## SUPPLIED RECORDS
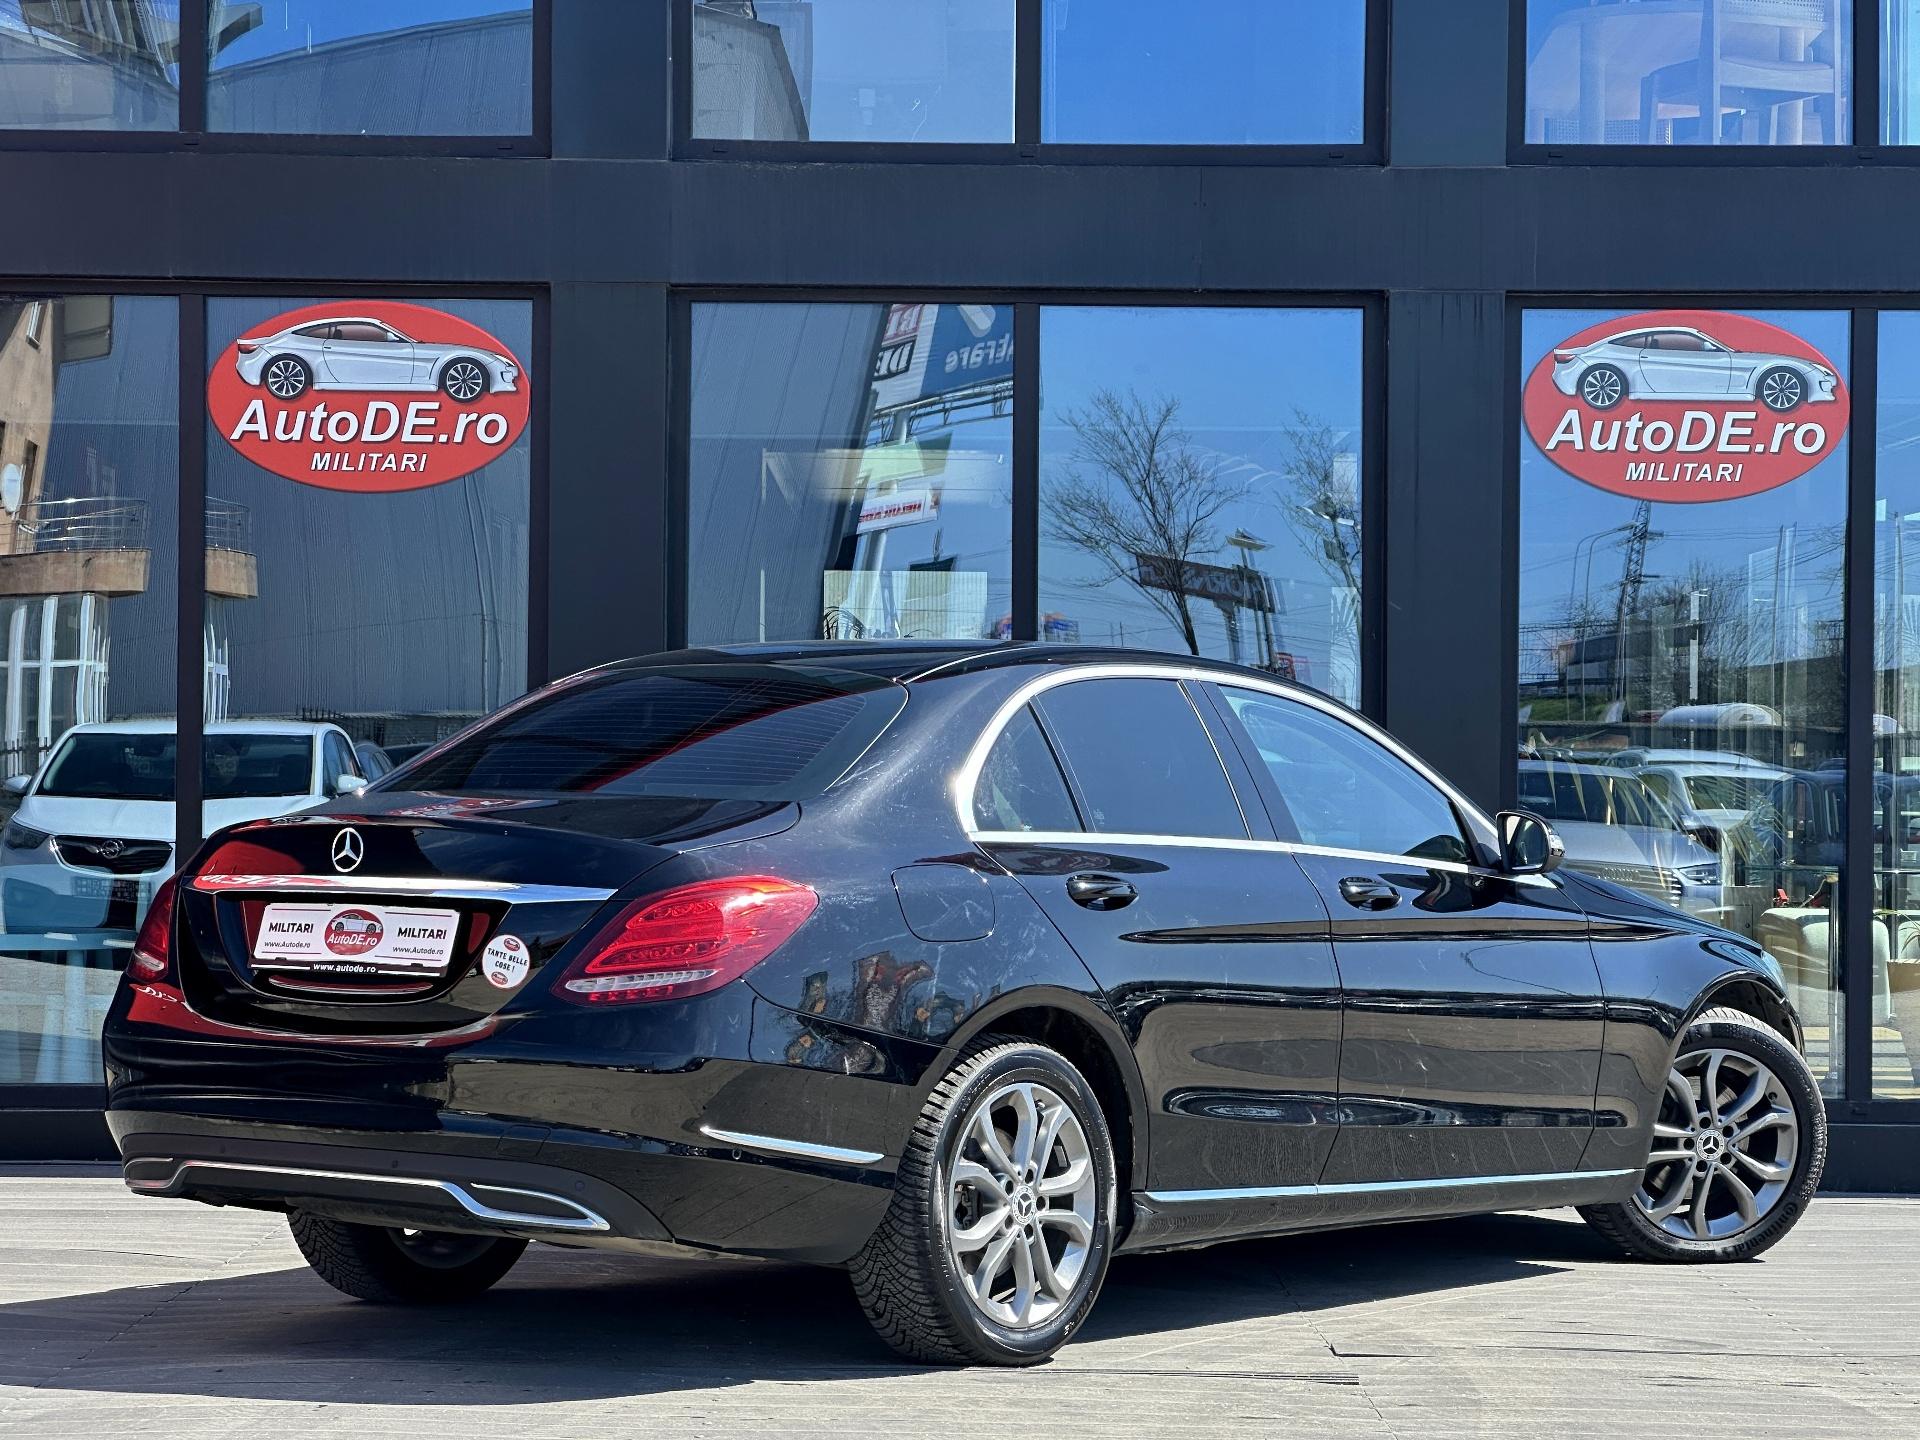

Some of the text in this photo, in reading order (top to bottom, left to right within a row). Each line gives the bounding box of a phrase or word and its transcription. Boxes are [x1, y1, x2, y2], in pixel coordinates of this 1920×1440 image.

[230, 399, 508, 444] AutoDE.ro
[1545, 409, 1825, 454] AutoDE.ro
[310, 452, 427, 472] MILITARI
[1626, 462, 1743, 482] MILITARI
[268, 922, 314, 933] MILITARI
[397, 927, 447, 940] MILITARI
[326, 932, 378, 946] AutoDE.ro
[392, 946, 444, 955] www.Autode.ro
[487, 948, 528, 966] TANTE BELLE
[313, 963, 376, 973] www.autode.ro

## YOUR ASSIGNMENT
Your copy of the entries should be exact and free of pictures.

## TASK SOLUTION
Some of the text in this photo, in reading order (top to bottom, left to right within a row). Each line gives the bounding box of a phrase or word and its transcription. Boxes are [x1, y1, x2, y2], in pixel coordinates of this 1920×1440 image.

[230, 399, 508, 444] AutoDE.ro
[1545, 409, 1825, 454] AutoDE.ro
[310, 452, 427, 472] MILITARI
[1626, 462, 1743, 482] MILITARI
[268, 922, 314, 933] MILITARI
[397, 927, 447, 940] MILITARI
[326, 932, 378, 946] AutoDE.ro
[392, 946, 444, 955] www.Autode.ro
[487, 948, 528, 966] TANTE BELLE
[313, 963, 376, 973] www.autode.ro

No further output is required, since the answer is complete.